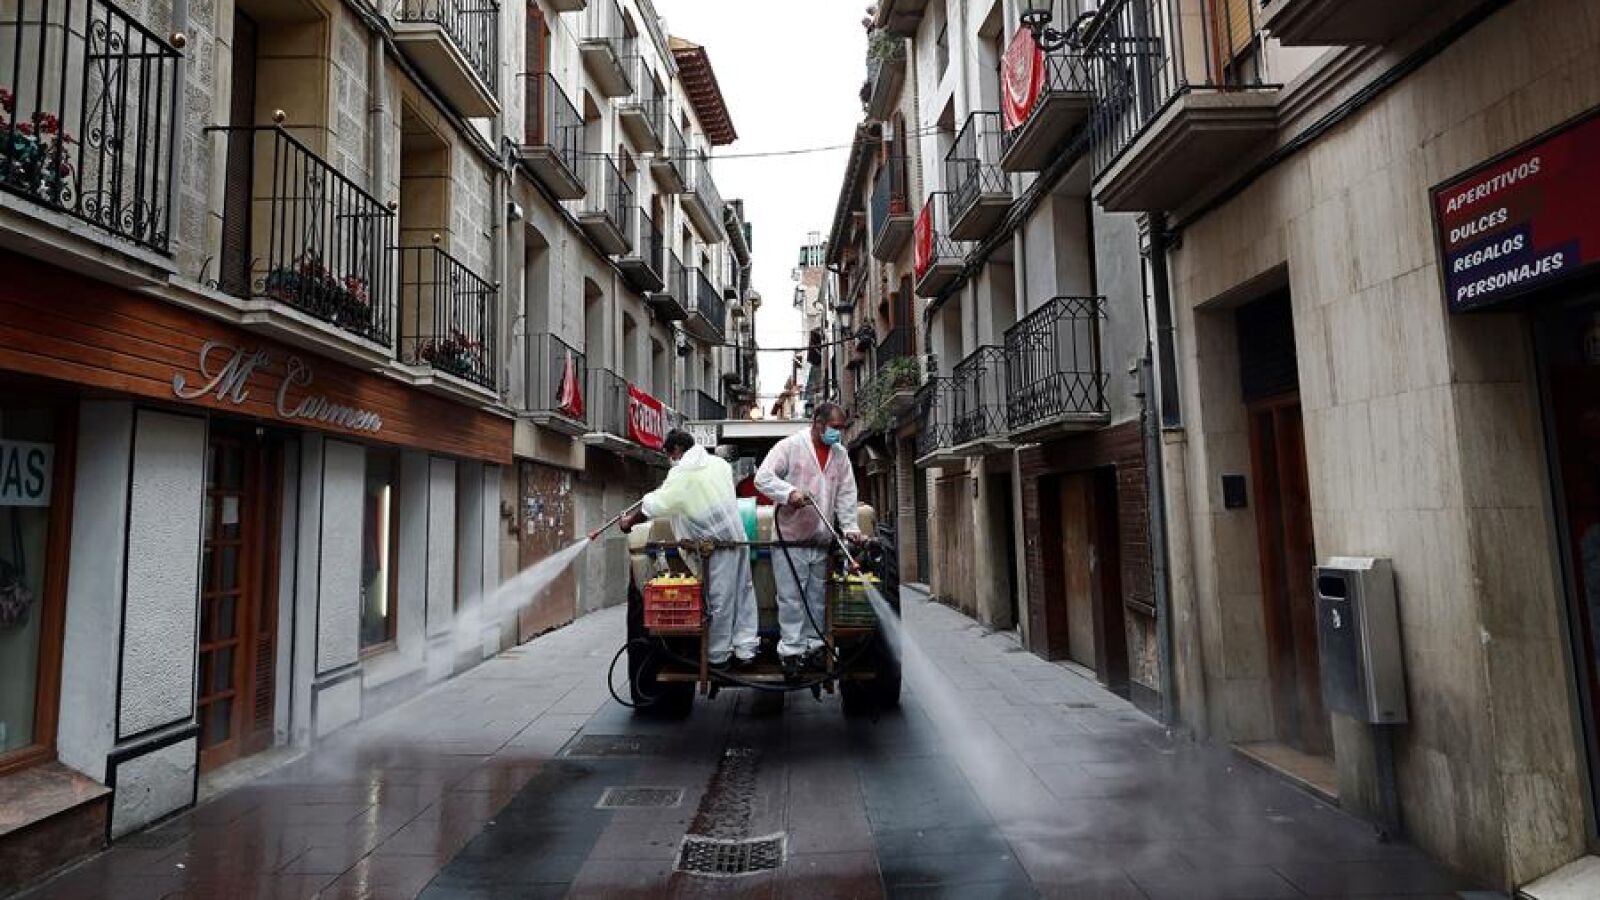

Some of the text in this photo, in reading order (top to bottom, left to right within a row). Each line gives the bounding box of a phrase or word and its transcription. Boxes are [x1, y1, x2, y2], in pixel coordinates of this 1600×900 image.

[1446, 157, 1541, 213] APERITIVOS
[1450, 207, 1508, 243] DULCES
[1454, 234, 1525, 273] REGALOS
[1457, 252, 1564, 301] PERSONAJES
[276, 355, 383, 433] Carmen
[0, 446, 46, 499] AS
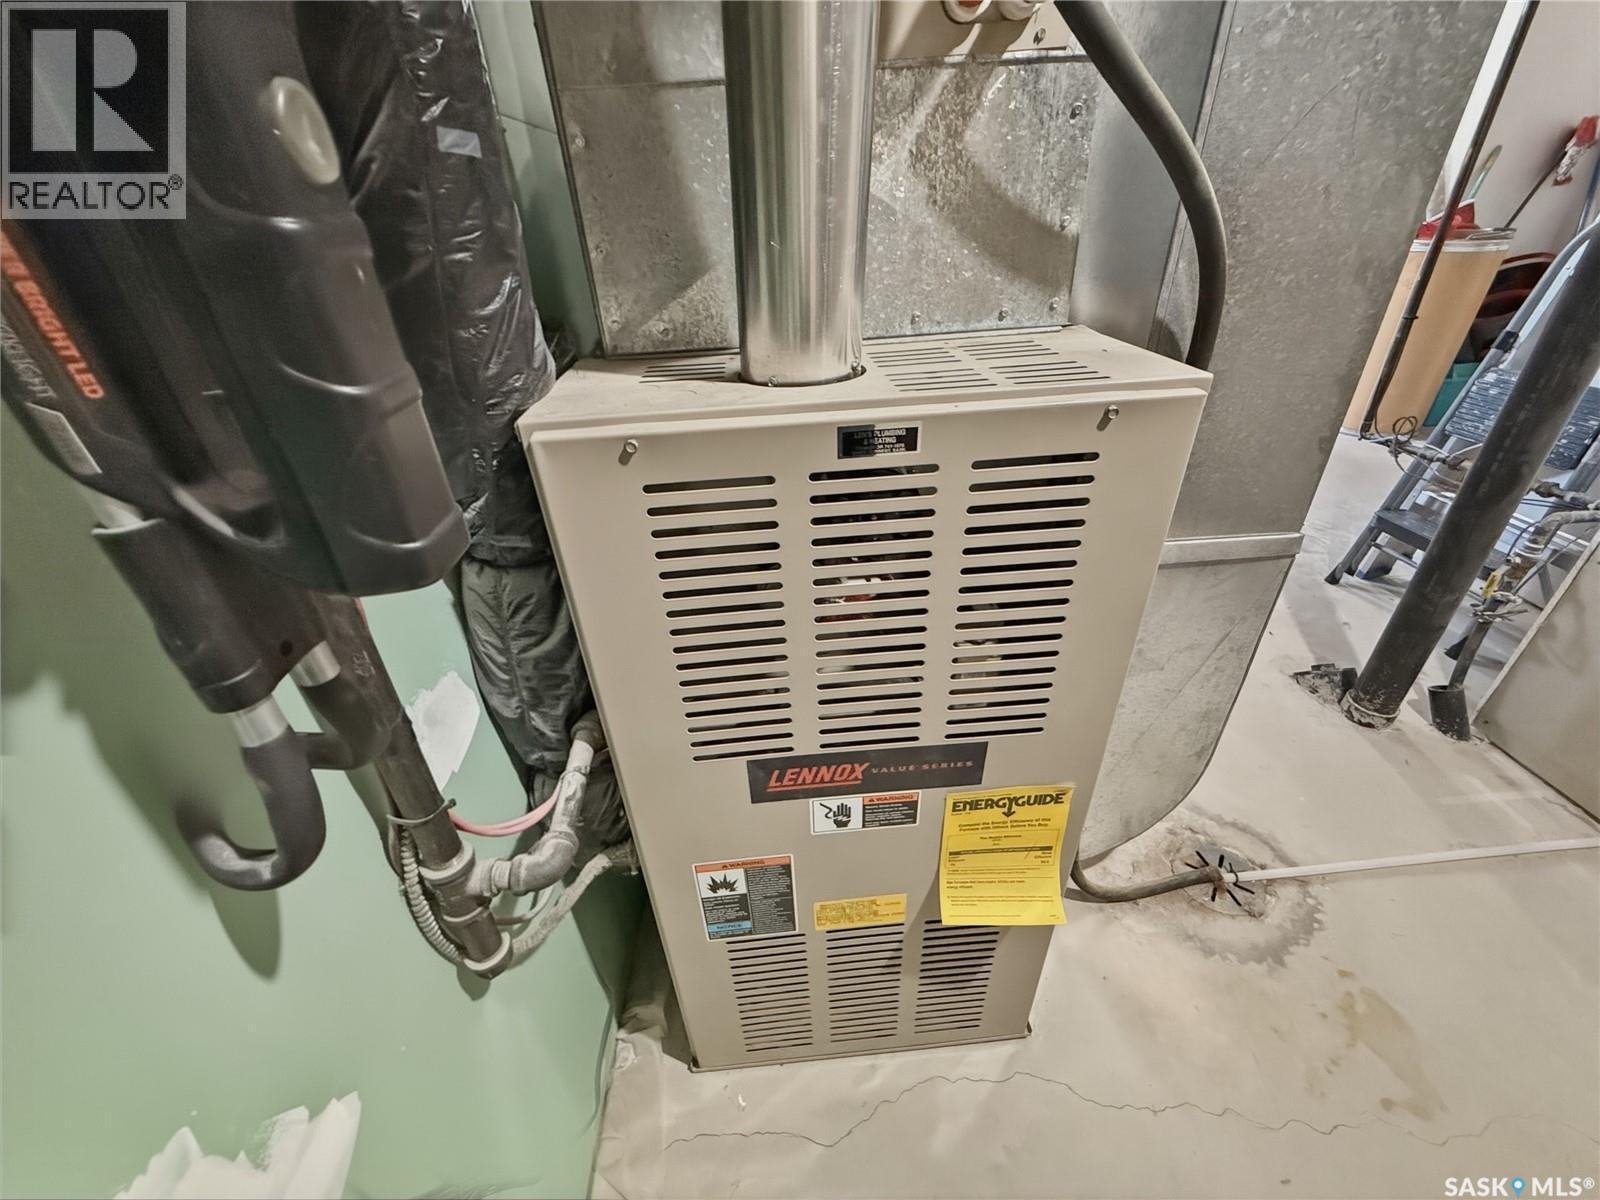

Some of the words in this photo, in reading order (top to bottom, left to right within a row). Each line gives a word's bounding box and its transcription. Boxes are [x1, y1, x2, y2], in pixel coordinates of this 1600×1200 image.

[14, 279, 82, 358] BRIGHT
[67, 361, 105, 398] LED
[768, 762, 870, 787] LENNOX
[871, 765, 915, 773] VALUE
[922, 760, 975, 769] SERIES
[951, 793, 1066, 815] ENERGYGUIDE

EXERCISE GOAL:
Retype the material in full, exactly as written, and exclude the pictures.

ANSWER:
Some of the text in this photo, in reading order (top to bottom, left to right within a row). Each line gives the bounding box of a phrase or word and its transcription. Boxes are [x1, y1, x2, y2], in pixel coordinates of this 1600×900 image.

[1446, 157, 1541, 213] APERITIVOS
[1450, 207, 1508, 243] DULCES
[1454, 234, 1525, 273] REGALOS
[1457, 252, 1564, 301] PERSONAJES
[276, 355, 383, 433] Carmen
[0, 446, 46, 499] AS

Some of the words in this photo, in reading order (top to bottom, left to right within a row). Each line gives a word's bounding box and its transcription. Boxes are [x1, y1, x2, y2], in pixel coordinates of this 1600×1200 image.

[14, 279, 82, 358] BRIGHT
[67, 361, 105, 398] LED
[768, 762, 870, 787] LENNOX
[871, 765, 915, 773] VALUE
[922, 760, 975, 769] SERIES
[951, 793, 1066, 815] ENERGYGUIDE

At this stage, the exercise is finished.